Investment manager Emerge Canada Inc. will wind down its lineup of exchange traded funds by Dec. 20, after a last-ditch effort to sell the company fell through.
Six months ago, regulators found that Emerge Canada did not have enough working capital and suspended its operating licence.
“Emerge Canada has worked tirelessly to seek to resolve these deficiencies but has been unable to do so,” the company said in a release Thursday. “As a result, Emerge Canada has decided it is in the best interest of investors to terminate the ETFs.”
The Toronto-based company spent the past several months in discussions with a handful of potential buyers including several Canadian asset managers, according to two sources familiar with the matter. The Globe and Mail is not identifying the sources because they are not authorized to speak publicly about the discussions.
However, the company confirmed Thursday that there was not enough time to close a deal with interested parties. Emerge Canada said an agreement would have pushed back the date investors would receive their funds into 2024.
On April 14, the Ontario Securities Commission imposed a temporary trading halt – known as a cease-trade order – on the company’s 11 ETFs. At the same time, The Globe reported that Emerge Canada, which manages about $118-million in assets, owed a total of $2.53-million to its six Emerge ARK funds.
A month later, the OSC revealed that the amount was far higher than previously disclosed – with Emerge Canada owing $5.5-million to its own ETFs. The OSC decision also disclosed that Emerge Canada is short of cash because it hasn’t collected money owed to it by its U.S.-based parent company, Emerge Capital Management Inc.
Emerge ETFs will be delisted from the Cboe Canada exchange around Oct. 23. Because of the cease-trade order, the ETFs have not traded or issued any new units since April 6.
The company says the assets of the ETFs will be liquidated by Dec. 20, and investors will receive the net proceeds “less all liabilities and all expenses incurred in connection with the dissolution of the ETF, on a pro-rata basis.”
While Emerge Canada owes money to the funds, the wind-down can still occur. It agreed to pay an amount owing to some ETFs, but has not repaid it as of Thursday. However, Emerge Canada will still owe that money to the investors if it fails to pay it back before the funds close, the company statement said.
In a May 10 order, Debra Foubert, director of the OSC’s compliance and registrant regulation branch, suspended Emerge Canada from being an investment fund manager, a portfolio manager and an exempt market dealer.
The group of investment funds is linked to Cathie Wood, a prominent U.S. investor and chief executive officer of ARK Investment Management LLC. ARK is a subadviser to U.S.-based Emerge Capital, which in turn is a subadviser to Emerge Canada.
The cease-trade order prevented owners of the ARK ETFs from cashing out this summer after three months of great performance – and locked in some painful losses as the calendar turned to fall.
Data from Morningstar Direct shows that all six Emerge ARK funds posted positive returns in May, June and July. In certain one-month periods, Emerge ARK funds returned well over 10 per cent. In July, four of the six did so.
By July 30, every ARK ETF had a better since-inception performance than they had at the end of March. But investors were unable to sell to take advantage of those gains.

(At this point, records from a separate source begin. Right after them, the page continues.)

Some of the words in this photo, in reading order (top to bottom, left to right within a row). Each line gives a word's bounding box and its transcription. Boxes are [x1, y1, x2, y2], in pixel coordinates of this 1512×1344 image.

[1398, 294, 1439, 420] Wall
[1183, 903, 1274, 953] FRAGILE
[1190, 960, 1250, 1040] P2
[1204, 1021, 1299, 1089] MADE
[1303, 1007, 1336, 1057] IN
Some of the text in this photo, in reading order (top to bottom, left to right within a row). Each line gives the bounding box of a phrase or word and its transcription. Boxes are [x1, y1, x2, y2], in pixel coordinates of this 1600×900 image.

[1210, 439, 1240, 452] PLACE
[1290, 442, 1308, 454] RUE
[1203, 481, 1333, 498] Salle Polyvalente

In August and September, fortunes turned: All six ARK funds lost money in both months. In some cases, they were down by double digits. The Emerge ARK Genomics & Biotech ETF lost 12.19 per cent in August and another 13.16 per cent in September, according to Morningstar Direct.
By Sept. 30, four of the six ARK funds had worse lifetime performance than they had at the end of March.

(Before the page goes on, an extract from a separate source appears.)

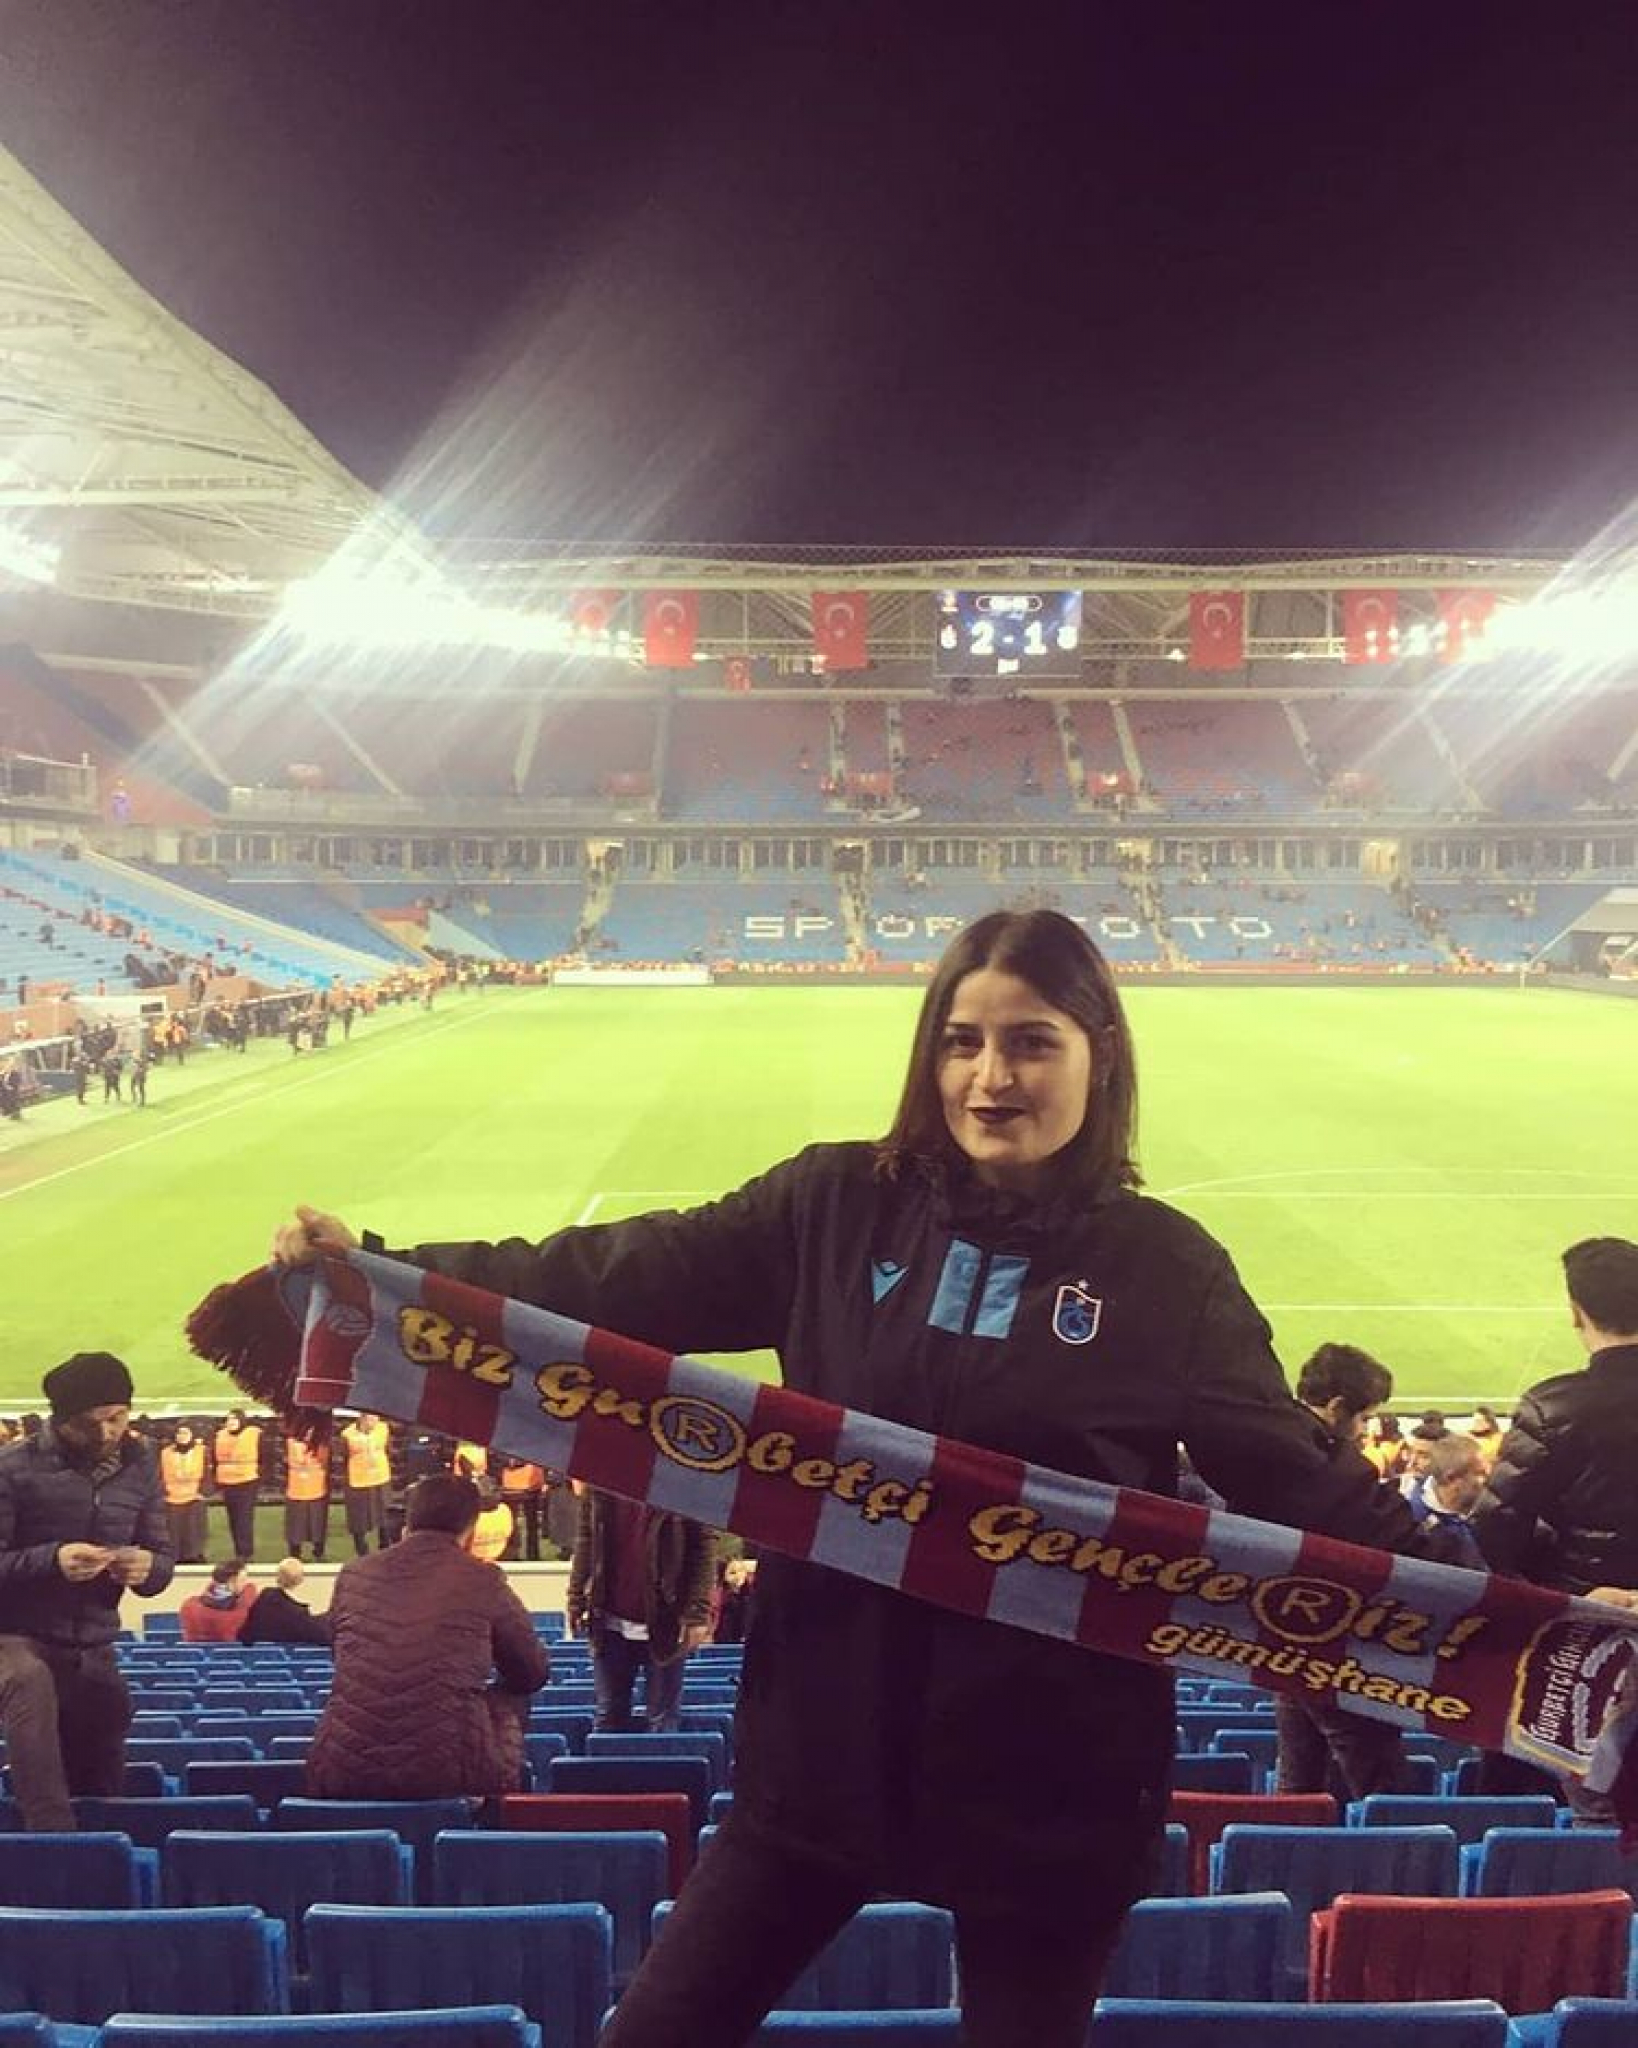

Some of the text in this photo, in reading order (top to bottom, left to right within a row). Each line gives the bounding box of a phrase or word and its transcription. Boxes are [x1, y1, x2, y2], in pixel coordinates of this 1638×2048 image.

The OSC also confirmed that Emerge Canada continues to collect management fees on the funds while the cease-trade order is in effect.
In its most recent public disclosures, Emerge Canada has said that its management fee for the six ARK funds, as well as five funds branded “Empower,” is an annual charge of 0.8 per cent of assets in the funds. The Globe estimates that Emerge Canada has collected somewhere between $400,000 and $500,000 in management fees in the past six months, based on asset figures provided by Morningstar Direct.
While its Empower funds still exist in Canada, over the summer, Emerge Capital wound down the five U.S.-based, U.S.-traded versions of its Empower funds.
In its June 16 announcement of the plan to U.S. investors, Emerge Capital, based in Buffalo, said a majority of the board of trustees of Emerge ETF Trust approved a plan of liquidation. The trustees said they decided it was in the best interests of the funds and their shareholders.
After the liquidation, Emerge ETF Trust filed documents with the U.S. Securities and Exchange Commission on July 20 to delist and deregister the funds.